El excéntrico millonario llega a su palacio y abre la puerta usando un código de voz. Enciende las luces, también con código de voz, y le pide a la orquesta situada en el escenario de la sala que toque algo de jazz. Camina hasta la cocina, se pone una abrigada campera de invierno y entra a su heladera para buscar una cerveza. Después de esquivar unas cuantas estanterías, sale y le entrega el abrigo a una de sus mujeres que lo espera semidesnuda sobre la mesada. Regresa a la sala, se sienta en el sillón y le pide a la orquesta que le ceda el espacio al grupo de teatro para que improvisen alguna obra. Al rato pone a los artistas en pausa usando otro código de voz: —Aguántenme un segundo que voy al baño —ordena, y luego se sienta en un inodoro como el que tiene todo el mundo.

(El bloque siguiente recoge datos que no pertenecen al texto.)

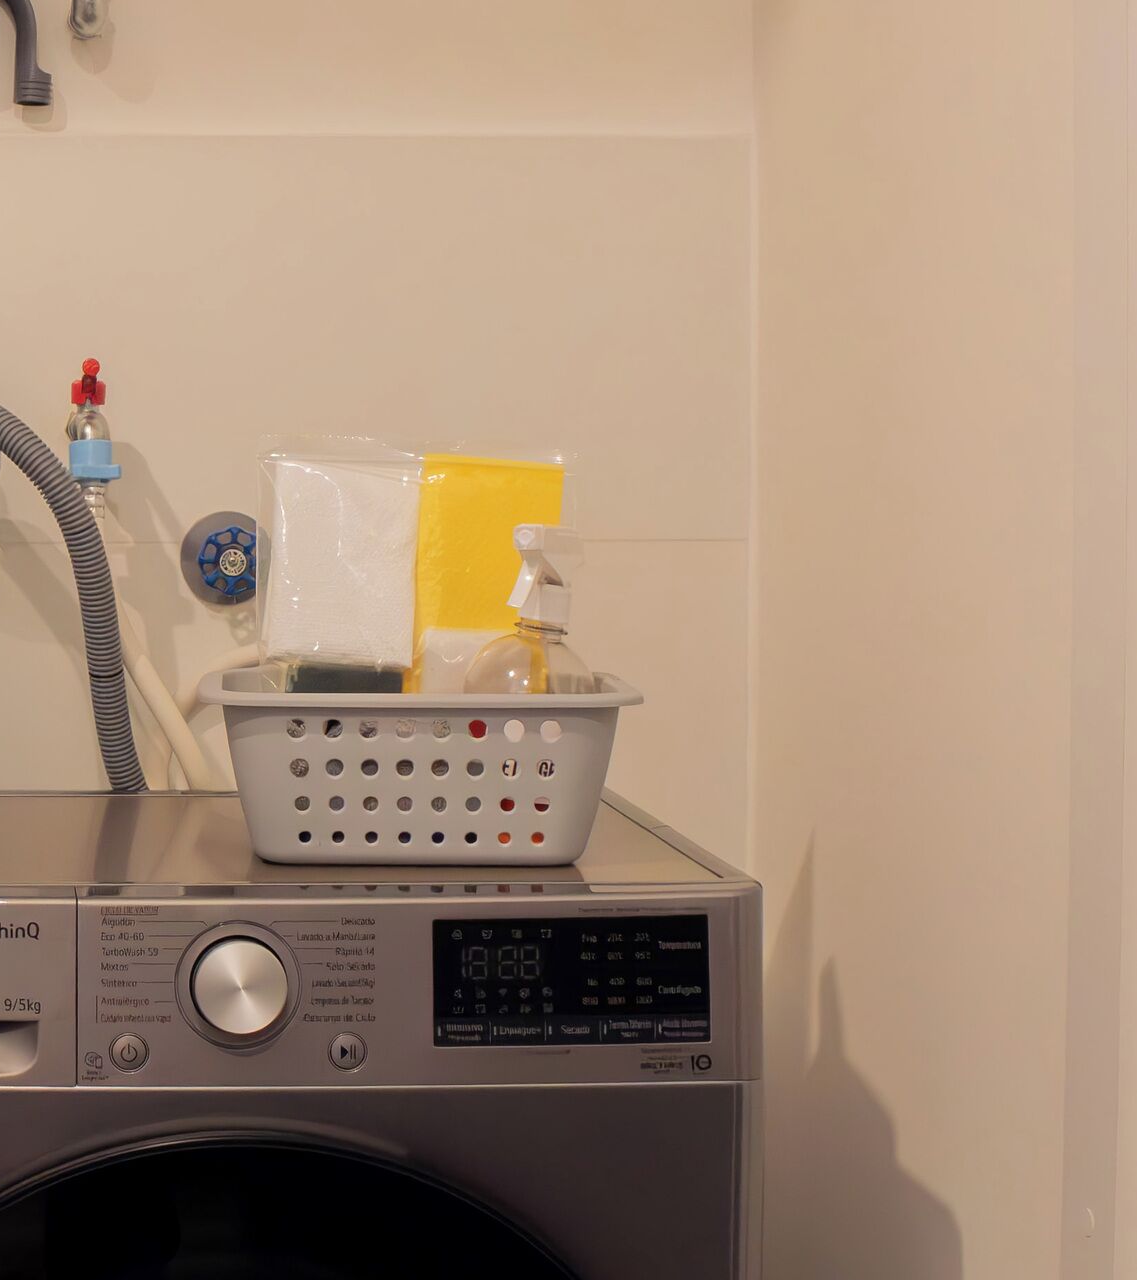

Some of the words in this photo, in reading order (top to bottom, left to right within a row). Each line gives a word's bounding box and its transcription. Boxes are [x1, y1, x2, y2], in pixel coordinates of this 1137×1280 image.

La imposibilidad del descanso

«Algo peor que no despertar después de acostarse a dormir, es no volver a dormir nunca más», piensa, y se imagina en esa situación, con los ojos inyectados en sangre, abiertos en la oscuridad de su cuarto, esperando inútilmente a que sus párpados logren cerrarse. Le preocupa llegar al extremo de encontrarse físicamente imposibilitado para dormir. «La falta total de descanso seguramente es la peor de las torturas», reflexiona ante la ausencia de sueño y paranoico se desvela, preso del temor a vivir esa desgracia. «La peor de las muertes», continúa maquinándose e insiste dando vueltas en la cama, girando el cuerpo para un lado, para orto, boca arriba, boca abajo, con las manos debajo de la almohada. Luego, sin darse cuenta, duerme. Se entrega al glorioso descanso aunque sólo sea durante unos pocos minutos hasta que, finalmente, despierta ante la recurrente pesadilla de no volver a dormir nunca más.

Psicología inversa

Algo tenía que hacer. Al principio y mientras duró, no lo niego, funcionó a la perfección. Pablo era tan maleducado y desobediente que al ordenarle algo, nunca obedecía y de puro mal llevado, hacía exactamente lo contrario. Al decirle que hiciera tal cosa, para él, significaba lo opuesto casi literalmente. Susana fue la primera en usar la psicología inversa. «¡Nunca limpies tu cuarto!», gritó mi mujer con voz de enojada y al día siguiente, la pieza de nuestro hijo amaneció mejor que si la hubiese limpiado ella. «No comas verduras», «no hagas la tarea», «no te cepilles los dientes» y «jugá al fútbol en el comedor», fueron solo algunas de las muchas órdenes y consejos que dieron resultado. Habíamos logrado que Pablo, al querer portarse mal, terminara portándose bien; pero finalmente tuve que intervenir. Cuando Susana lo mandó a meter los dedos en el enchufe me pareció una verdadera exageración.

Minifalda a cuadros

Con la pastilla haciendo efecto, besa su estilizado cuello. Ansioso, pero manteniendo la calma, lentamente desabrocha los botones de la camisa blanca lisa y la tira fuera de la cama. El corpiño negro también termina en el suelo. Siente el frío de su piel sobre su pecho, la juventud de sus senos, la firmeza de sus pezones. «Por fin una colegiala con trencitas y minifalda a cuadros», piensa entusiasmado y se le eriza la piel al observar las medias largas que recorren sus piernas, se tensan sus músculos cuando ella roza los labios sobre su cuello, se tildan sus ojos en el ventilador de techo al sentir la estremecedora humedad de una lengua escurridiza penetrando su oreja. Su corazón se acelera. Luego estalla.
La intensa luz roja del cartel de neón que entra por la ventana ilumina su mandíbula torcida. El desesperado grito de terror parece salir desde su boca.

El vendedor de caras

Mire, qué le parece este rostro de acá. Tiene una hermosa tez morena, se broncea fácilmente con el sol y resiste a las arrugas que genera el tiempo. También cuenta con un año de garantía y por si fuera poco, si lo paga al contado y en efectivo, le podemos hacer un buen descuento. Es una oferta única; yo que usted no me la perdería. También viene asegurado contra cualquier tipo de incidente que pueda sucederle. Ya no va a tener que preocuparse por las marcas de cachetadas de mujeres despechadas, por un severo ataque de acné, ni mucho menos por tropezarse y romperse la nariz contra el suelo. No hay que pensarlo mucho. Sólo tiene que colocarse este precioso rostro, sacarse una foto con el móvil y mandársela a todos sus familiares, amigos y conocidos diciéndoles que cambió de cara. Ellos la agendan, y usted empieza una vida nueva.